▸ REQUIRED WORK
Output each record exactly as given. Leave out every picture.

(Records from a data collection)
- - - - -
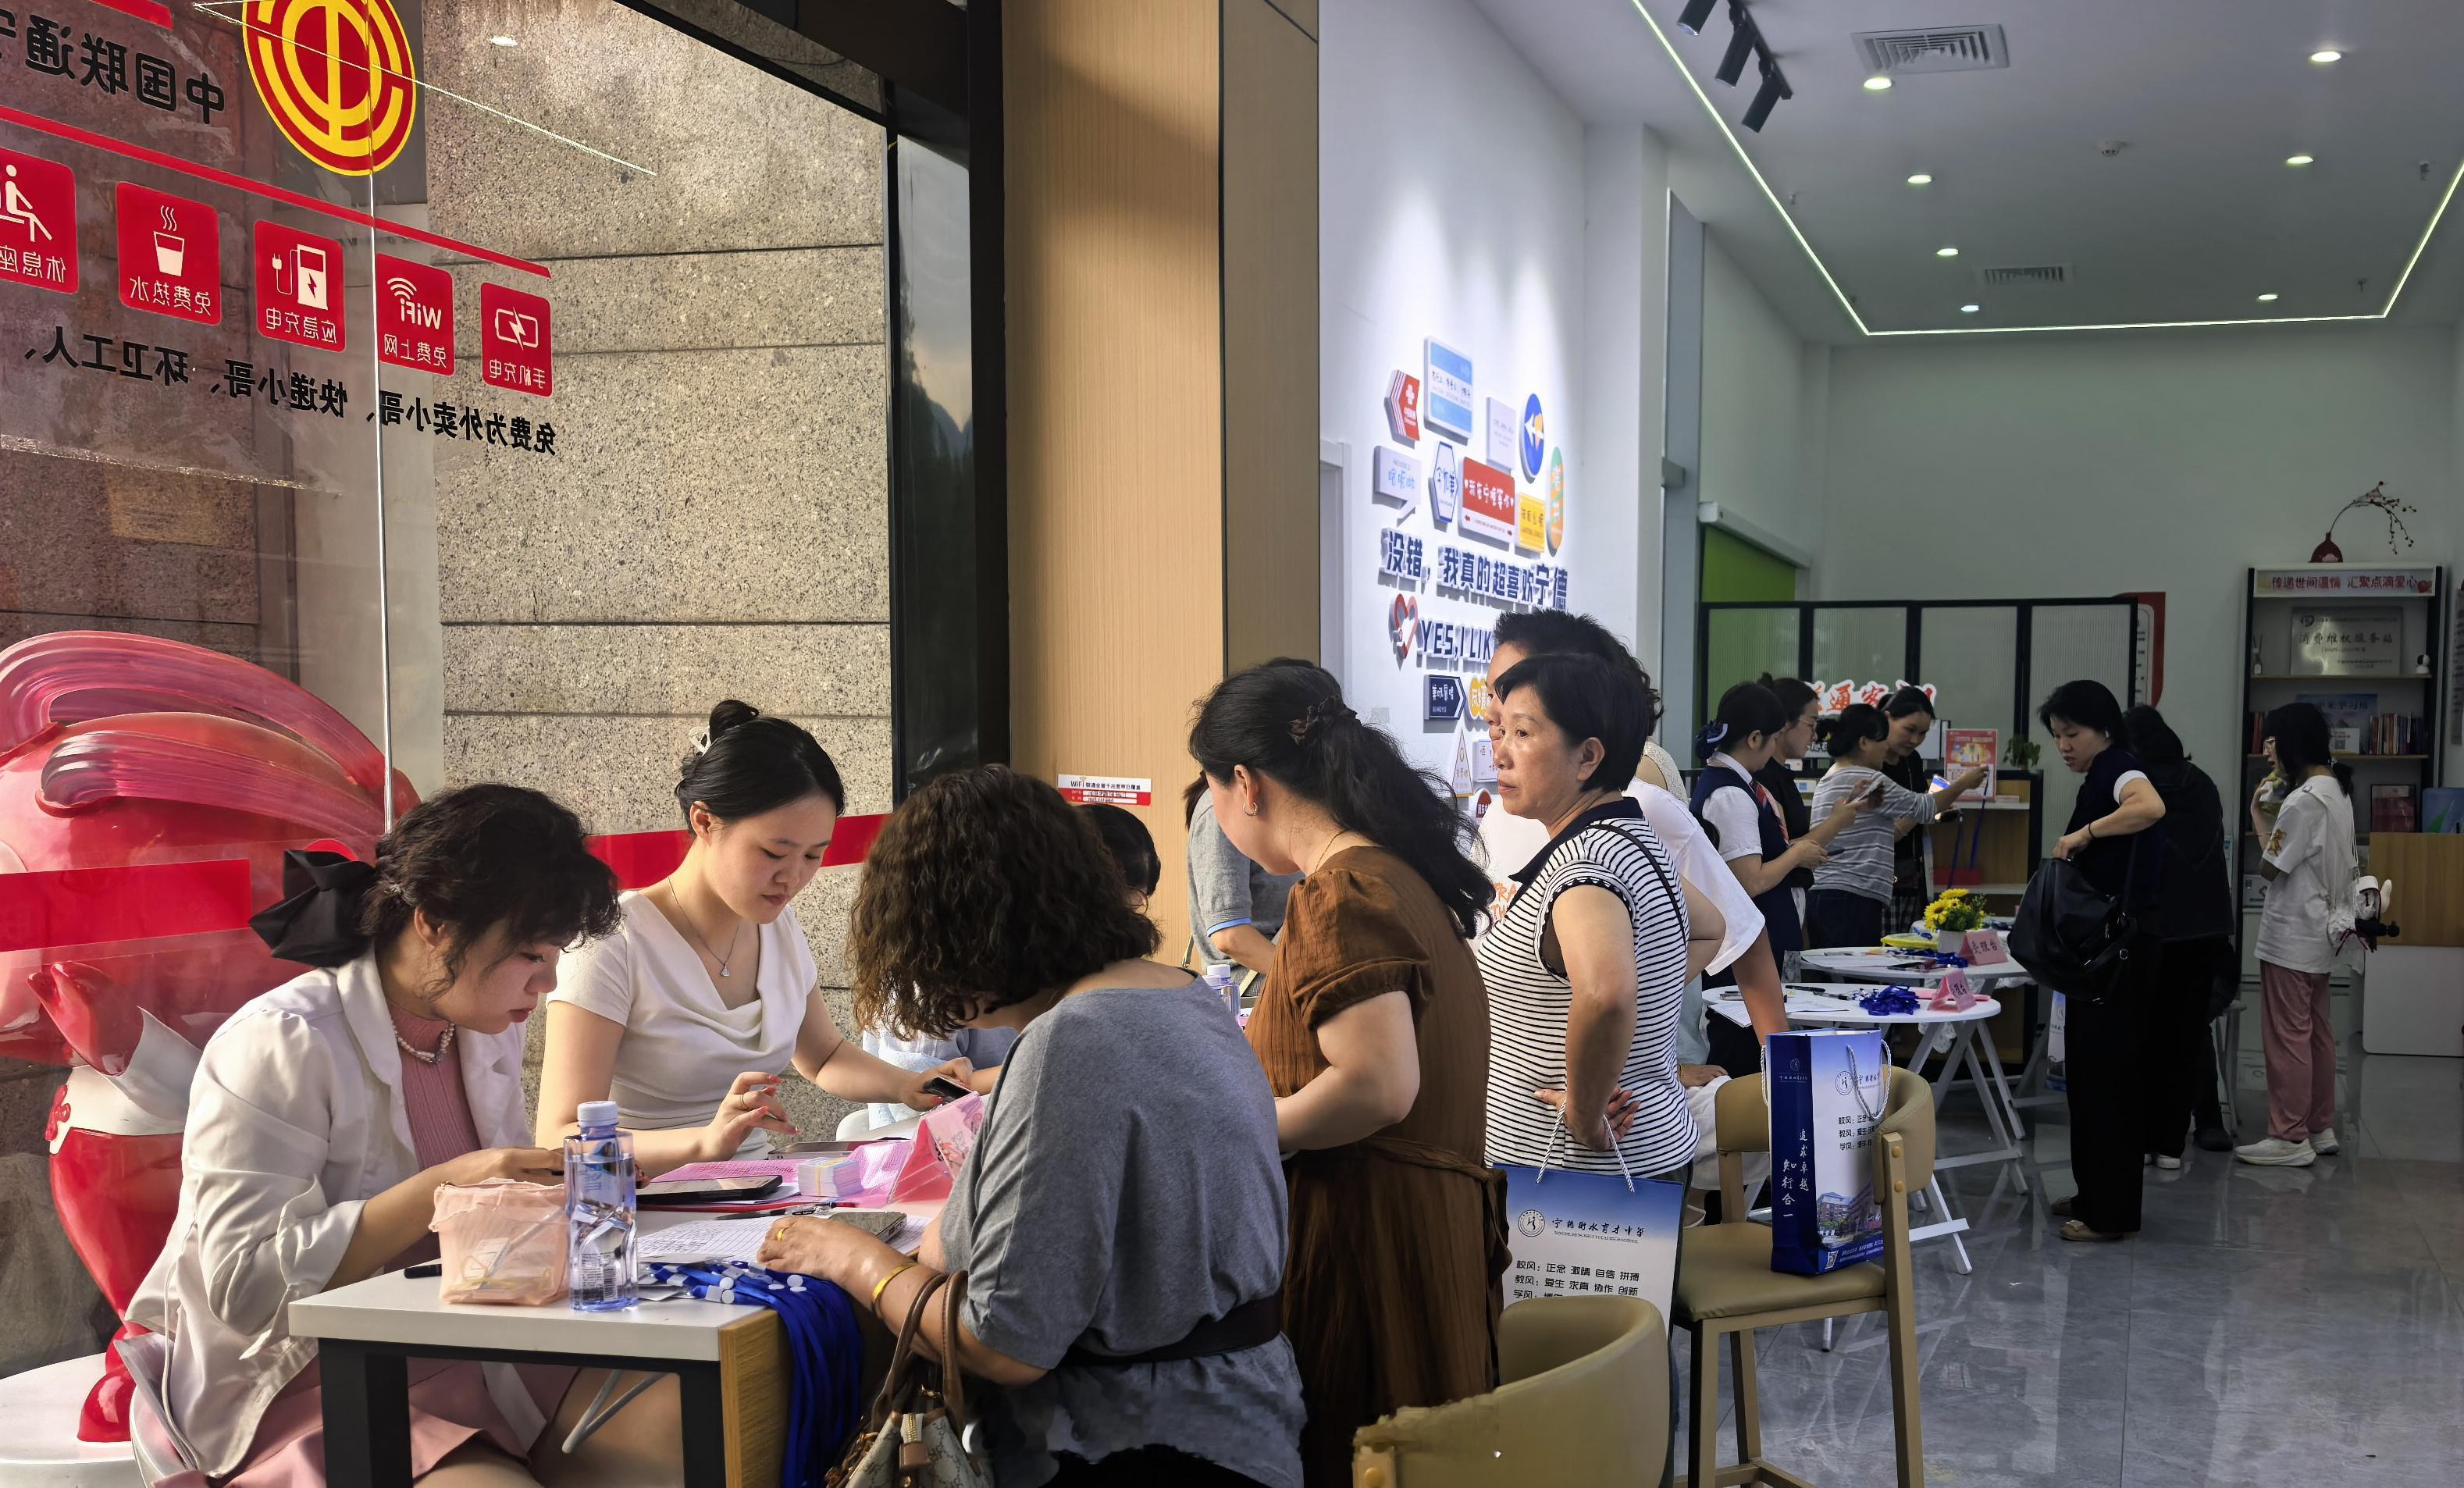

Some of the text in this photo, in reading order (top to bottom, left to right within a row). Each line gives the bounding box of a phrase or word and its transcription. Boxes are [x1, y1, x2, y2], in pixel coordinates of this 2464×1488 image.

[1469, 625, 1494, 661] LIK
[1782, 1159, 1796, 1217] 知行合一
[1595, 1269, 1615, 1279] 自信
[1618, 1286, 1639, 1297] 创新
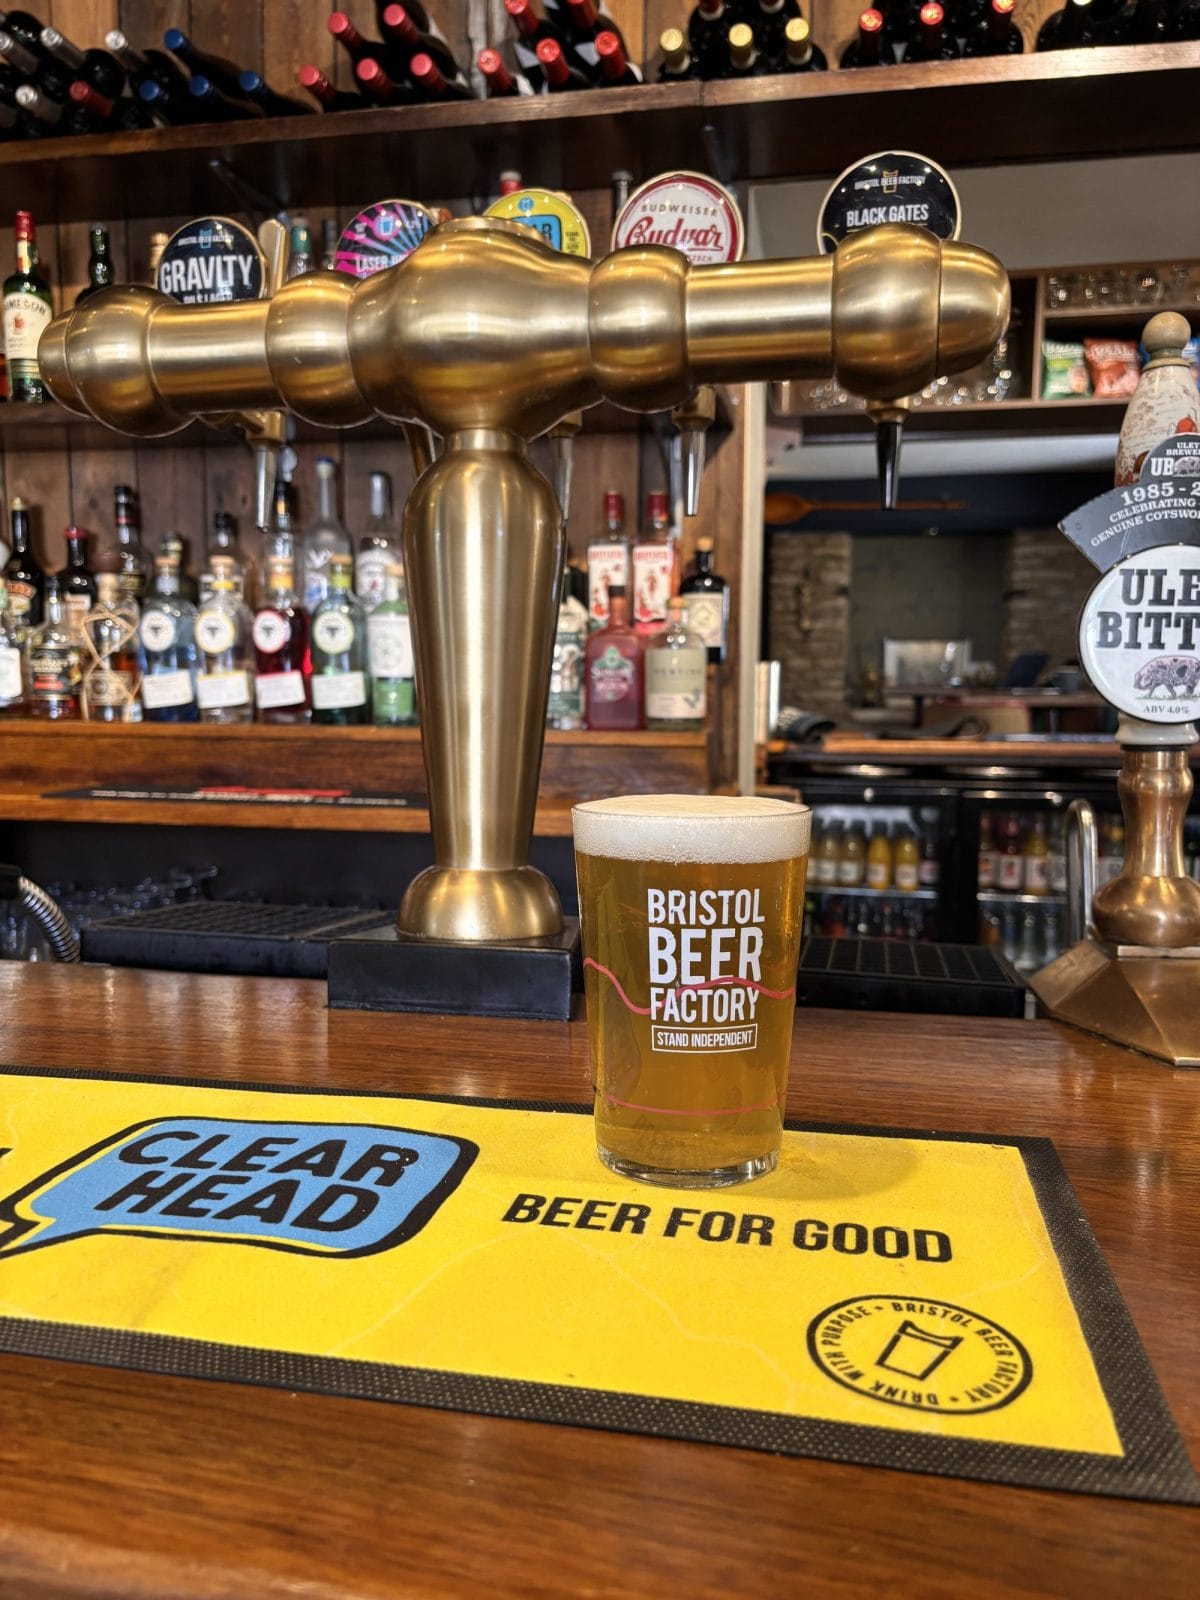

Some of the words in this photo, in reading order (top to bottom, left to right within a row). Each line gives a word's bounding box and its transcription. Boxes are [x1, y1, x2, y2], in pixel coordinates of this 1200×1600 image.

[641, 204, 718, 216] BUDWEISER
[846, 207, 887, 227] BLACK
[889, 203, 929, 221] GATES
[625, 216, 723, 251] Budvar
[161, 255, 253, 294] GRAVITY
[1109, 498, 1196, 523] CELEBRATING
[1121, 481, 1174, 507] 1985
[1090, 515, 1143, 547] GENUINE
[1119, 568, 1200, 606] ULE
[1095, 611, 1200, 650] BITT
[1143, 704, 1166, 714] ABV
[647, 888, 766, 926] BRISTOL
[648, 926, 764, 985] BEER
[650, 986, 760, 1023] FACTORY
[657, 1031, 689, 1048] STAND
[691, 1030, 754, 1048] INDEPENDENT
[118, 1131, 419, 1187] CLEAR
[94, 1170, 380, 1232] HEAD
[501, 1193, 651, 1235] BEER
[662, 1206, 773, 1247] FOR
[792, 1218, 954, 1263] GOOD
[820, 1305, 872, 1347] PURPOSE
[890, 1301, 974, 1328] BRISTOL
[975, 1327, 1014, 1358] BEER
[824, 1351, 865, 1382] WITH
[963, 1359, 1019, 1403] FACTORY
[868, 1379, 940, 1406] DRINK
- - - - -
▸ FINISHED TASK
Some of the text in this photo, in reading order (top to bottom, left to right within a row). Each line gives the bounding box of a phrase or word and its transcription. Boxes are [x1, y1, x2, y2], in pixel coordinates of this 2464×1488 image.

[1469, 625, 1494, 661] LIK
[1782, 1159, 1796, 1217] 知行合一
[1595, 1269, 1615, 1279] 自信
[1618, 1286, 1639, 1297] 创新

Some of the words in this photo, in reading order (top to bottom, left to right within a row). Each line gives a word's bounding box and its transcription. Boxes are [x1, y1, x2, y2], in pixel coordinates of this 1200×1600 image.

[641, 204, 718, 216] BUDWEISER
[846, 207, 887, 227] BLACK
[889, 203, 929, 221] GATES
[625, 216, 723, 251] Budvar
[161, 255, 253, 294] GRAVITY
[1109, 498, 1196, 523] CELEBRATING
[1121, 481, 1174, 507] 1985
[1090, 515, 1143, 547] GENUINE
[1119, 568, 1200, 606] ULE
[1095, 611, 1200, 650] BITT
[1143, 704, 1166, 714] ABV
[647, 888, 766, 926] BRISTOL
[648, 926, 764, 985] BEER
[650, 986, 760, 1023] FACTORY
[657, 1031, 689, 1048] STAND
[691, 1030, 754, 1048] INDEPENDENT
[118, 1131, 419, 1187] CLEAR
[94, 1170, 380, 1232] HEAD
[501, 1193, 651, 1235] BEER
[662, 1206, 773, 1247] FOR
[792, 1218, 954, 1263] GOOD
[820, 1305, 872, 1347] PURPOSE
[890, 1301, 974, 1328] BRISTOL
[975, 1327, 1014, 1358] BEER
[824, 1351, 865, 1382] WITH
[963, 1359, 1019, 1403] FACTORY
[868, 1379, 940, 1406] DRINK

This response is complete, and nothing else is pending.